**YOUR OBJECTIVE**
Line by line, restate the material word for word, omitting any image.

**SOURCE INFORMATION**

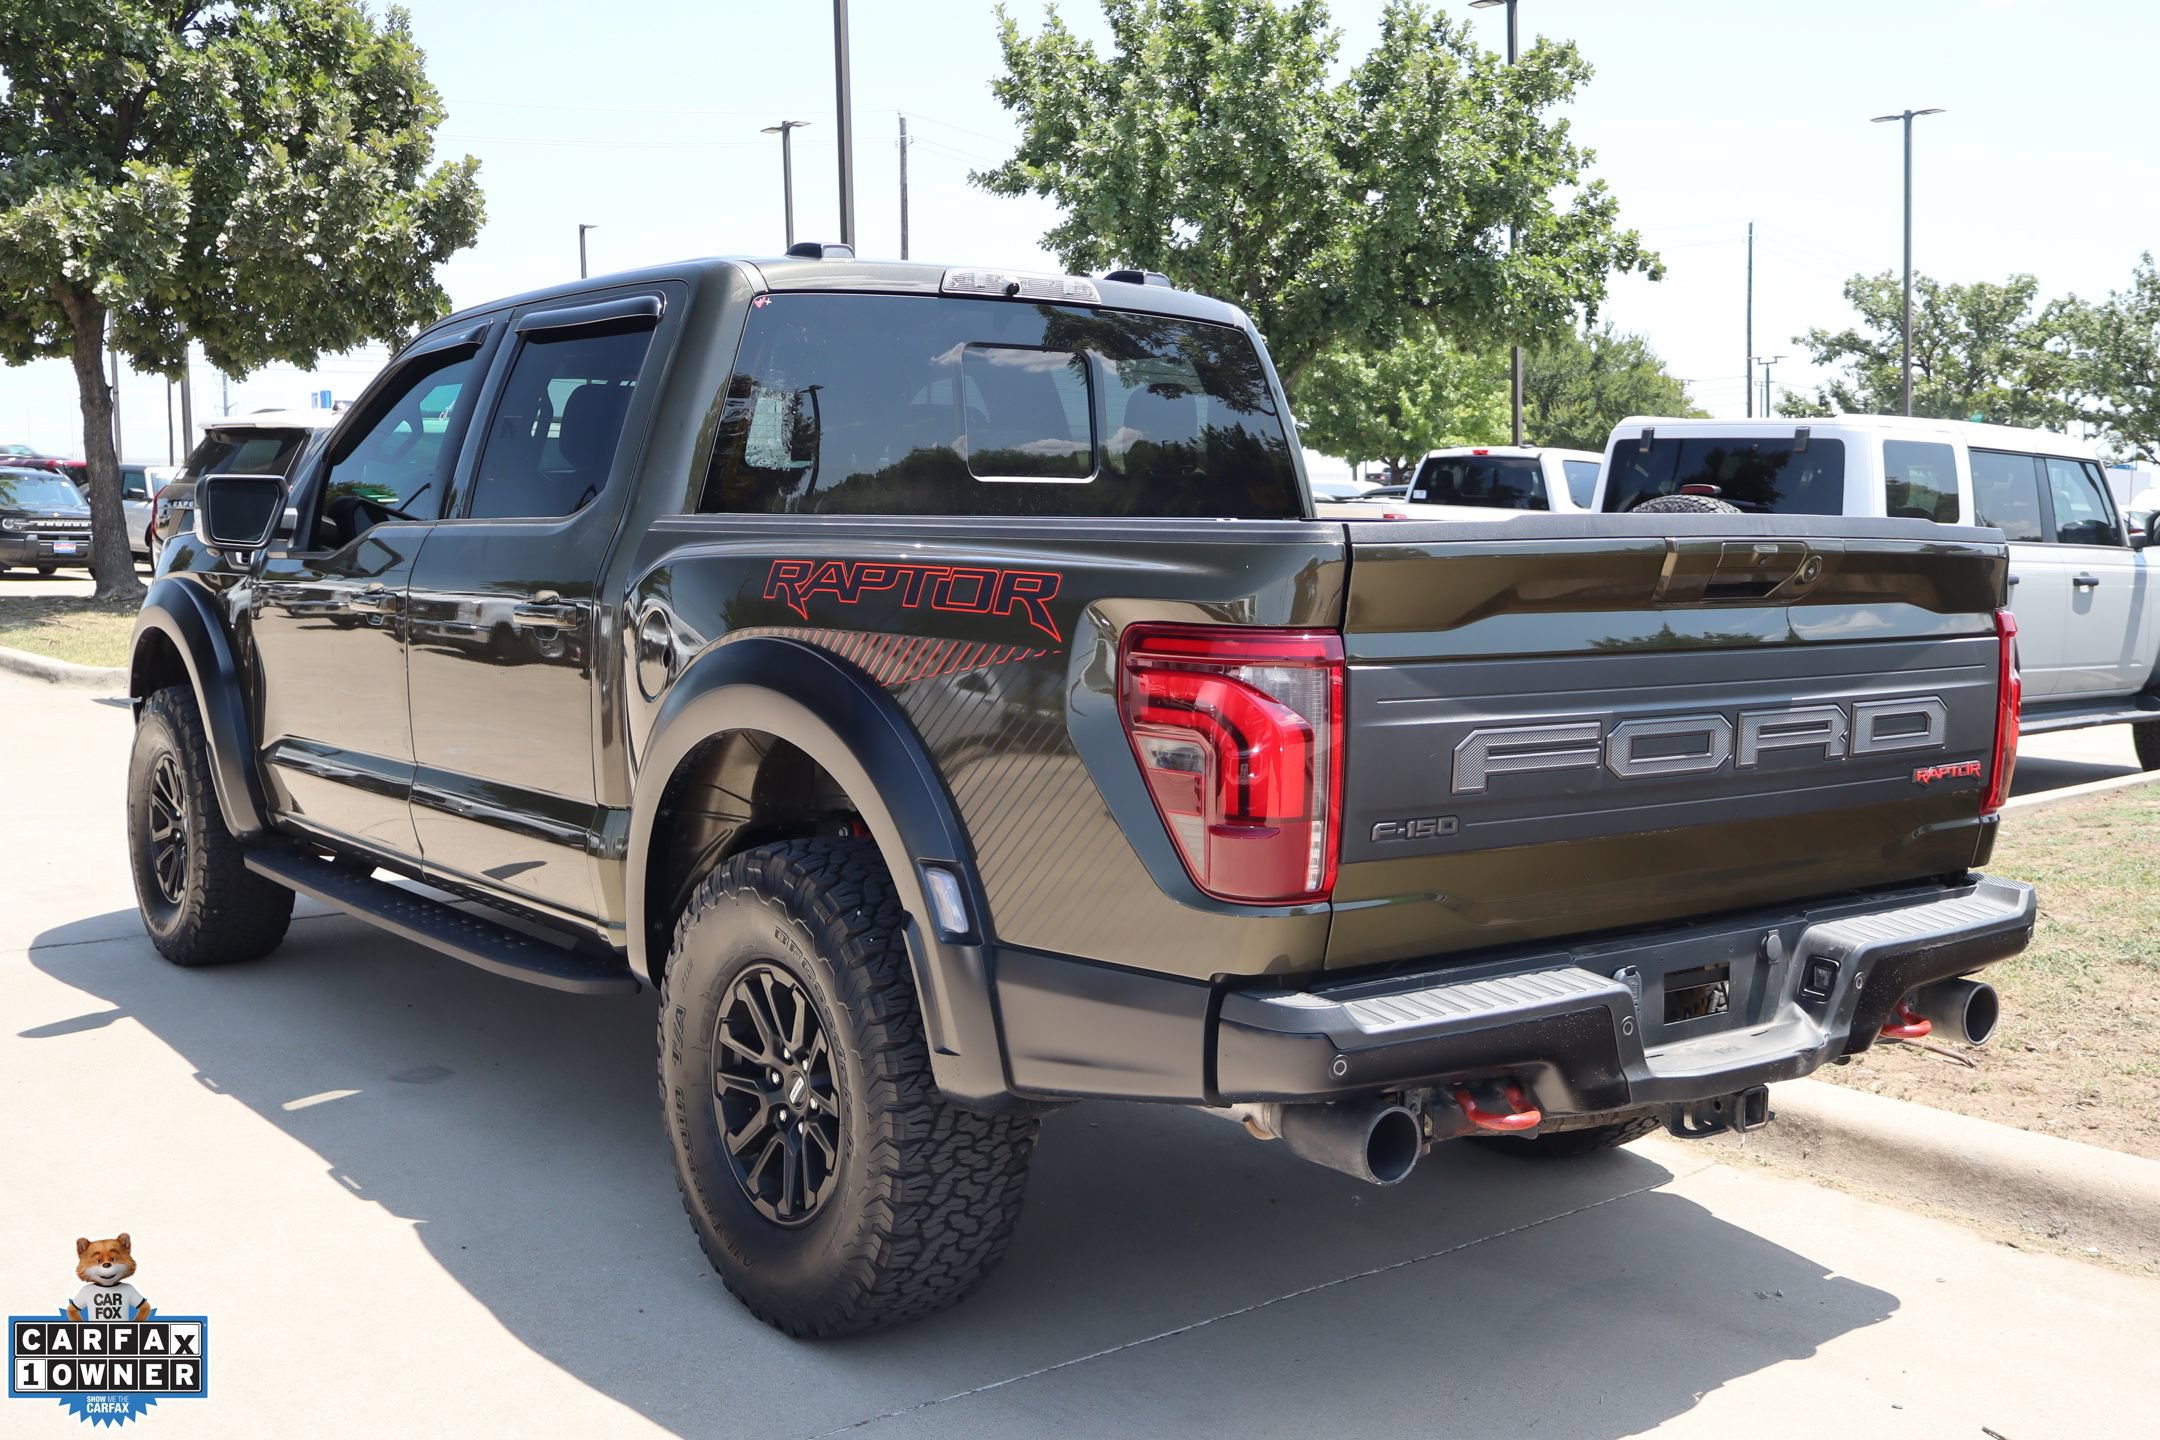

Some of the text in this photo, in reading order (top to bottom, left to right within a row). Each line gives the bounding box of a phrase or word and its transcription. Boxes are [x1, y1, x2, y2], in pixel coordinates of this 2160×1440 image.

[763, 559, 1063, 643] RAPTOR
[1451, 696, 1949, 796] FORD
[1913, 759, 1981, 785] RAPTOR
[1370, 815, 1460, 842] F-150
[671, 1003, 687, 1067] T/A
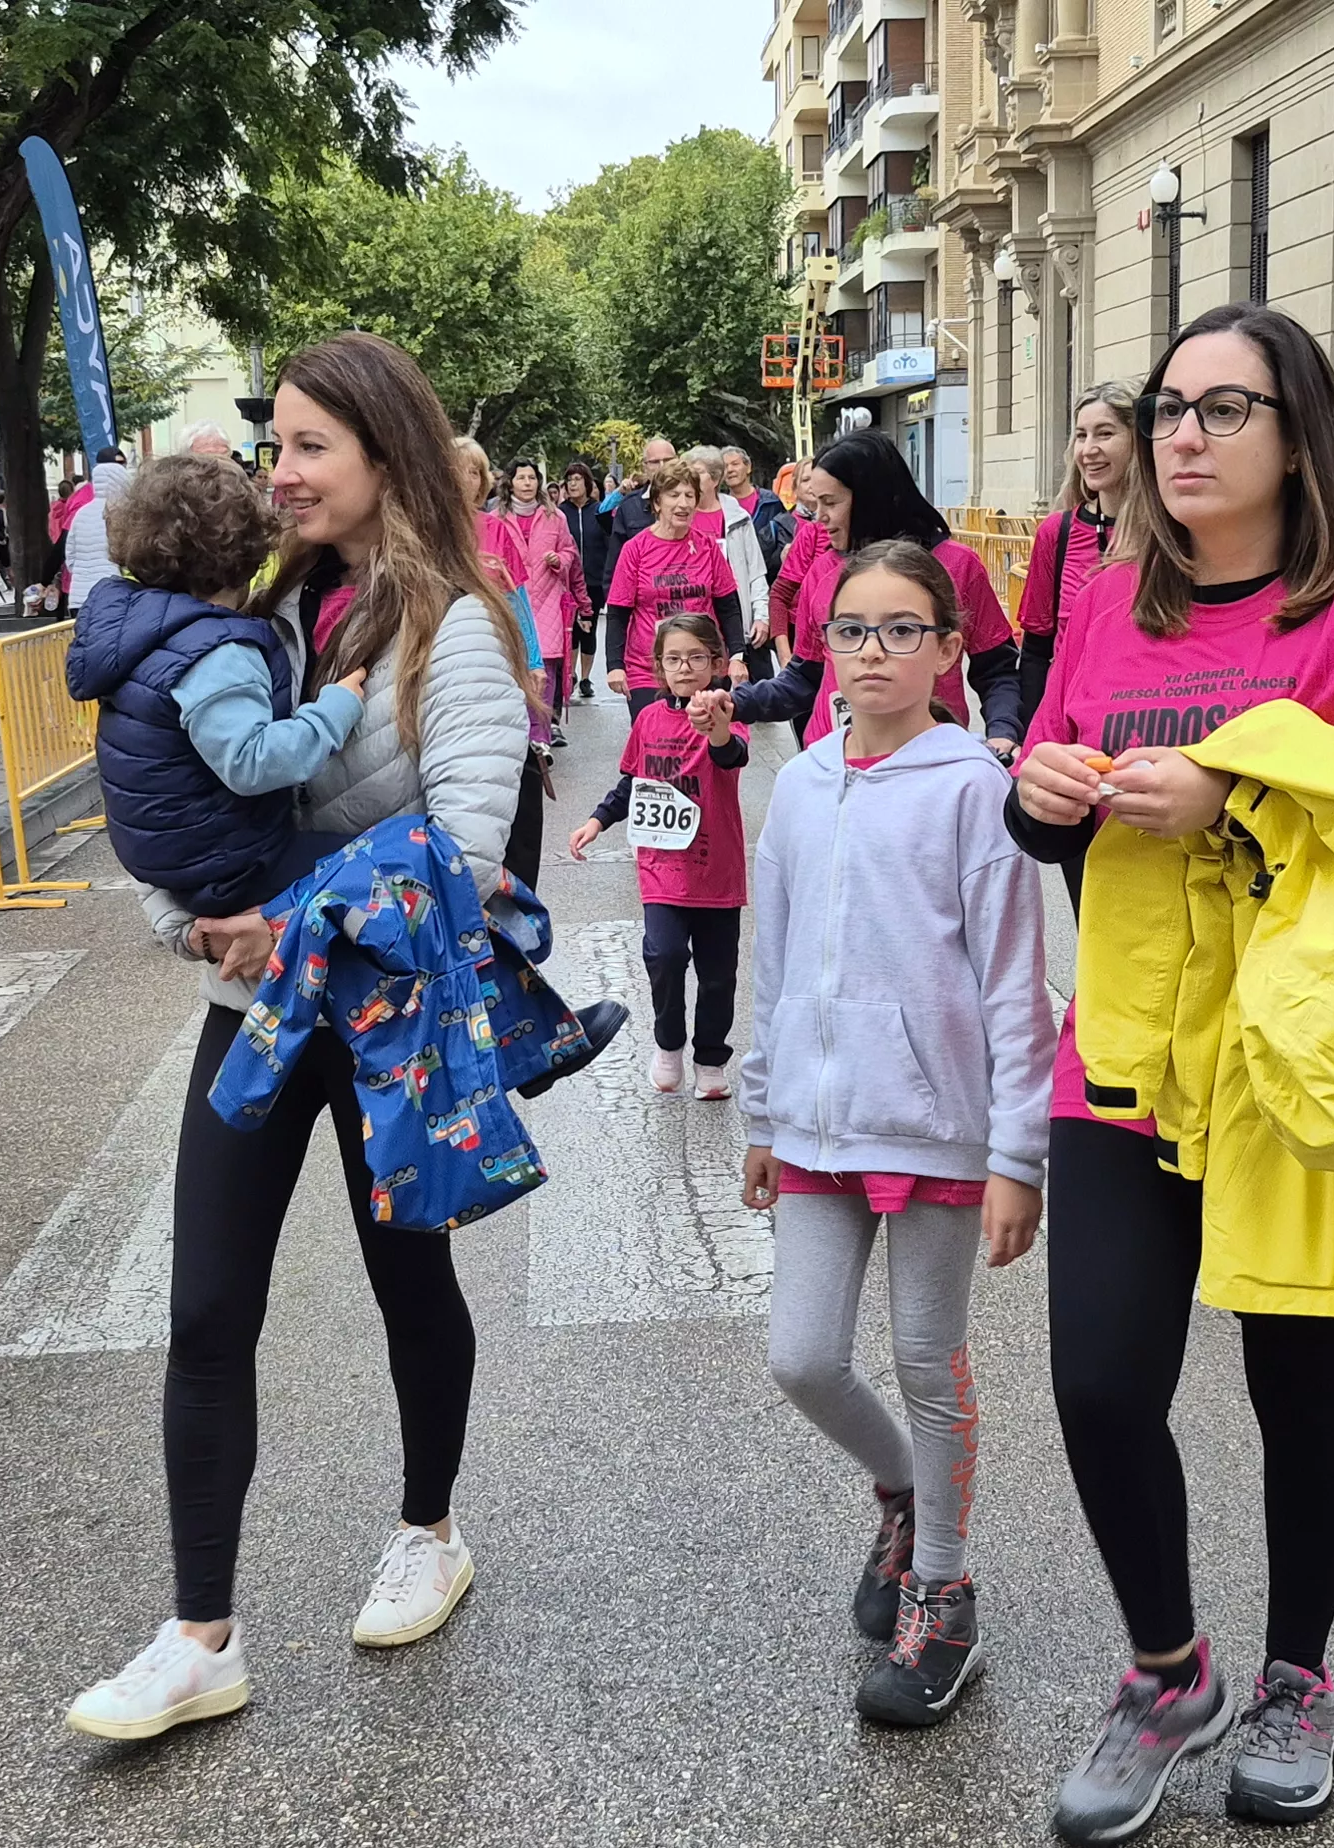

**YOUR SOLUTION**
Some of the text in this photo, in reading order (top to bottom, left to right within a row). Each line gives the bounding box of a phrase or word and its transcription. Boxes are [x1, y1, x2, y2], in pixel coordinates of this 2160×1440 image.

[763, 559, 1063, 643] RAPTOR
[1451, 696, 1949, 796] FORD
[1913, 759, 1981, 785] RAPTOR
[1370, 815, 1460, 842] F-150
[671, 1003, 687, 1067] T/A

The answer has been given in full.